The fear of letters containing anthrax after the Sept. 11 terrorist attacks was exaggerated and misguided, said University microbiology professor Martin Dworkin.

Dworkin – who spoke to alumni and students at the St. Paul Student Center on Saturday – said anthrax is not nearly as contagious or as deadly as smallpox.

“One has to view these sorts of things with a little more skepticism then sensationalism,” he said.

“I don’t want to give the impression that this isn’t a serious problem or threat, but there is a misplaced emphasis on anthrax – smallpox is scary,” Dworkin said.

He said smallpox is a highly contagious and lethal virus for which there is no treatment.

“If there were really a huge outbreak, the system would be overwhelmed completely,” he said.

Dworkin said anthrax is weak because it’s a bacteria.

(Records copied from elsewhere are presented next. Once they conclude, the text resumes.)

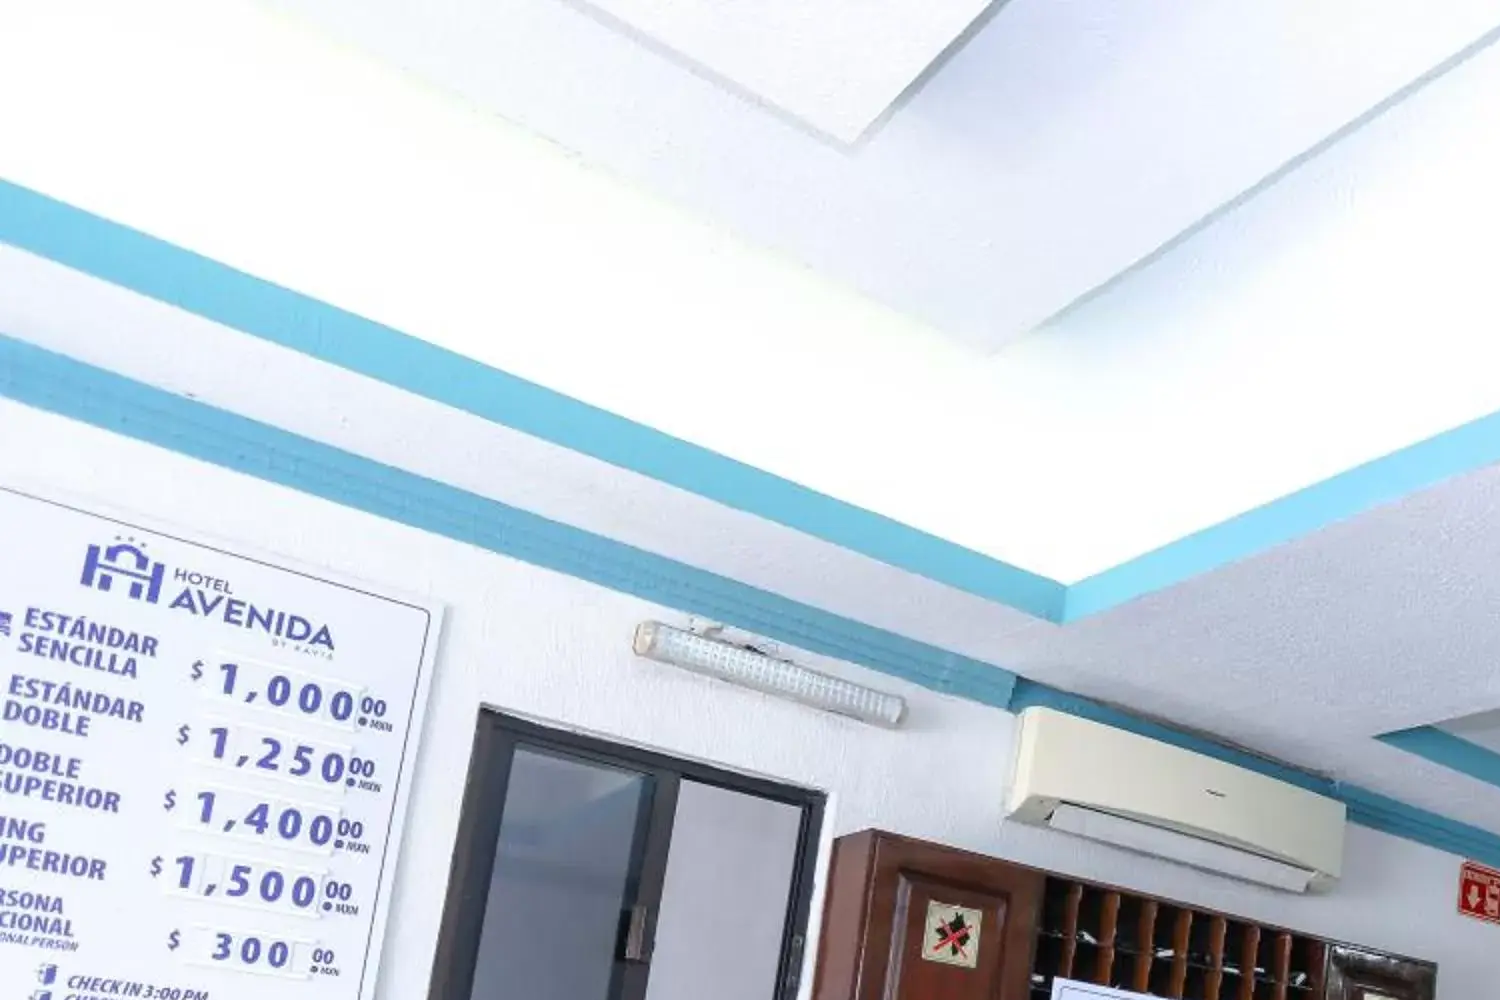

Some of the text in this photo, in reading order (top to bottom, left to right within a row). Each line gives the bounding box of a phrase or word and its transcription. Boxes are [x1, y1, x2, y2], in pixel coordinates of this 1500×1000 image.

[174, 567, 234, 594] HOTEL
[24, 607, 159, 657] ESTÁNDAR
[168, 587, 335, 650] AVENIDA
[17, 632, 138, 680] SENCILLA
[8, 674, 145, 722] ESTÁNDAR
[191, 660, 387, 721] $ 1,000 00
[3, 699, 92, 737] DOBLE
[176, 724, 375, 783] $ 1,250 00
[0, 770, 121, 813] UPERIOR
[163, 789, 363, 846] $ 1,400 00
[150, 856, 352, 908] $ 1,500 00
[31, 935, 79, 953] PERSON
[167, 929, 334, 968] $ 300 00
[67, 975, 123, 996] CHECK
[123, 982, 143, 997] IN
[143, 985, 181, 1000] 3:00
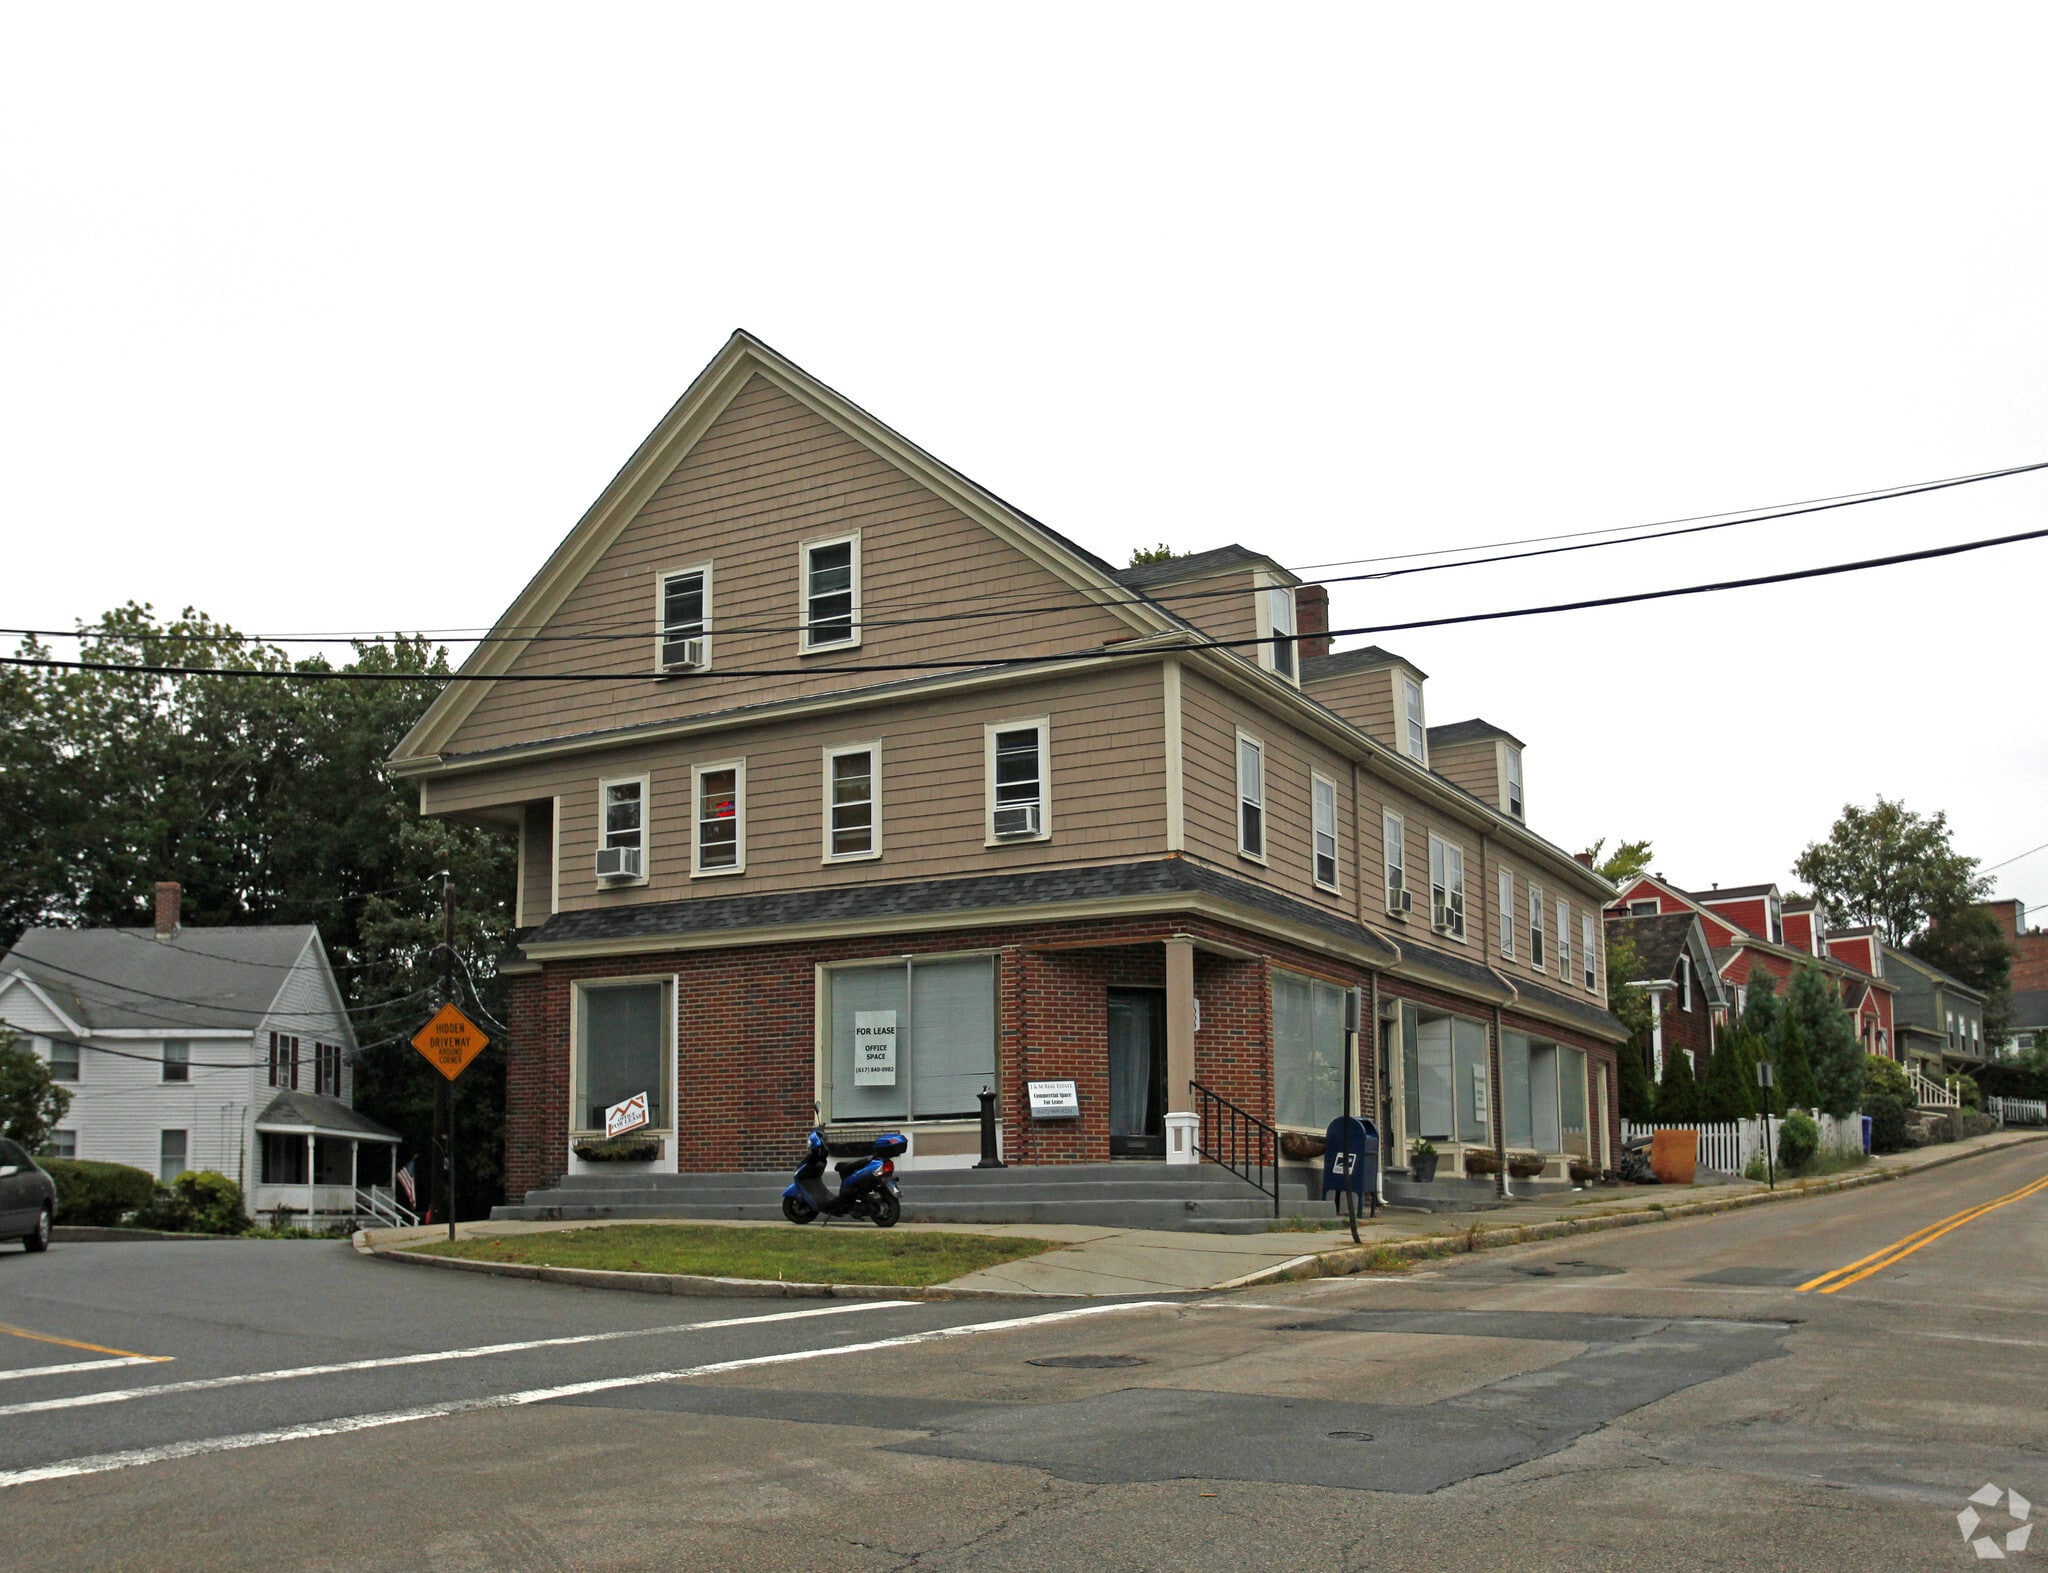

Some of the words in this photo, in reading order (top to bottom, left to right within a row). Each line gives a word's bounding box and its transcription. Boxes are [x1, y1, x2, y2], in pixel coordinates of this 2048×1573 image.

[436, 1023, 465, 1034] HIDDEN
[873, 1027, 895, 1035] LEASE
[429, 1036, 471, 1047] DRIVEWAY
[439, 1056, 463, 1064] CORNER

It’s vulnerable to antibiotics if caught before a toxin is created after germinating in the host.

“It’s not a weapon of destruction, but a weapon of disruption,” Dworkin said.

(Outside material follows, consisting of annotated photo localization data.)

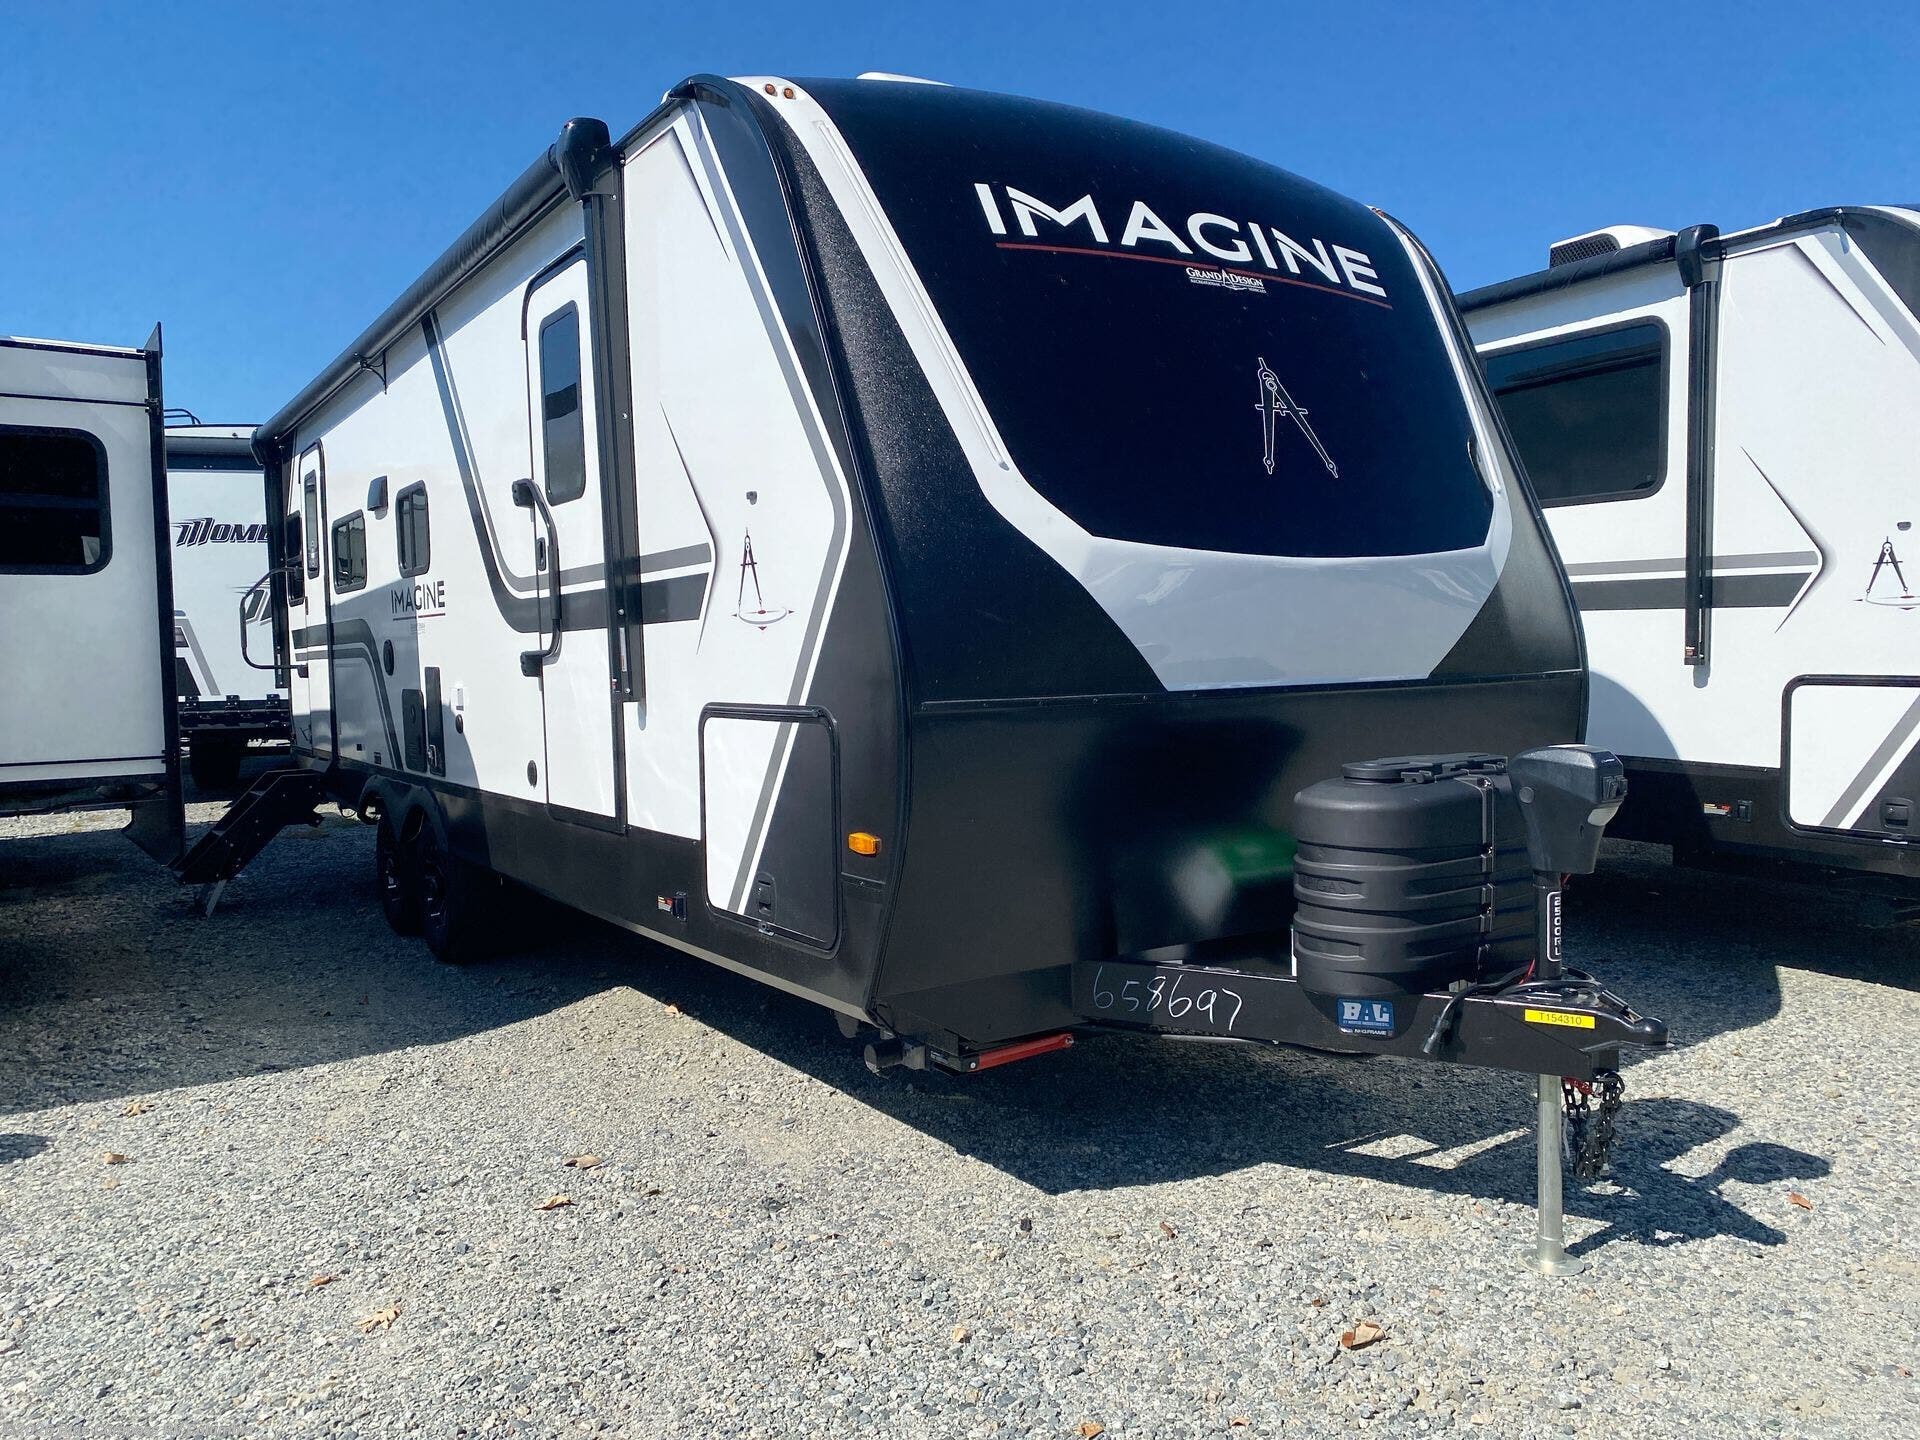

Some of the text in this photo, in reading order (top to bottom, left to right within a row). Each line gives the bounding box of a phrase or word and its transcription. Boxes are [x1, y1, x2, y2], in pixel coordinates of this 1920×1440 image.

[974, 183, 1387, 298] IMAGINE
[1185, 267, 1222, 281] GRAND
[1229, 273, 1264, 287] DESIGN
[391, 581, 446, 614] IMAGINE
[1094, 966, 1242, 1031] 658697
[1540, 1012, 1582, 1026] T154310

Using anthrax as a weapon is highly ineffective, he said, and was probably used because of the hysteria it would cause.

“There were probably thousands exposed to the letters, but only five deaths,” he said.

Dworkin said the public frenzy was encouraged by sensationalistic press stories, written to sell papers rather than to inform.

“The postal system is going to be spending billions of dollars to figure out how to sterilize every piece of mail,” he said. “It strikes me as a ludicrous waste of money.”

Adrienne Kari, a biochemistry senior who attended the talk, said people are misinformed about anthrax because they rely on promotional snippets used by news stations before a broadcast but miss the whole story.

But Kari said she empathizes with the media’s difficult position.

“It’s a hard issue. You have to sensationalize it to a certain extent to get people’s attention,” she said.

It is imperative that more be done to prepare for the possibility of a smallpox attack, Dworkin said.

He said the Centers for Disease Control and Prevention only hold approximately 7 million doses of the smallpox vaccine.

“Our population is essentially unprotected and vaccination is the only viable response,” he said.

Dworkin said a ring vaccination method would be the most effective means of treatment for an infected person. To perform a ring vaccination, a team of doctors establishes a ring of people in proximity to the infected person, who are then immediately vaccinated.

But the ring method, which was used during smallpox outbreaks in India and Pakistan, would be more difficult in the United States because the population is more mobile, he said.

For the method to work, people cannot leave the vaccination area.

Dworkin said when fighting biological agents people must be realistic about the severity of the threat and the risks involved.

Phill Lawonn, alumnus, said it is hard to get through the hysteria surrounding such a hot-button issue, but he said understanding the reality of the issue is important.

“Yes, there are bad things out there, but you have to be lucky to get (biological agents) to work the way you want them to,” he said.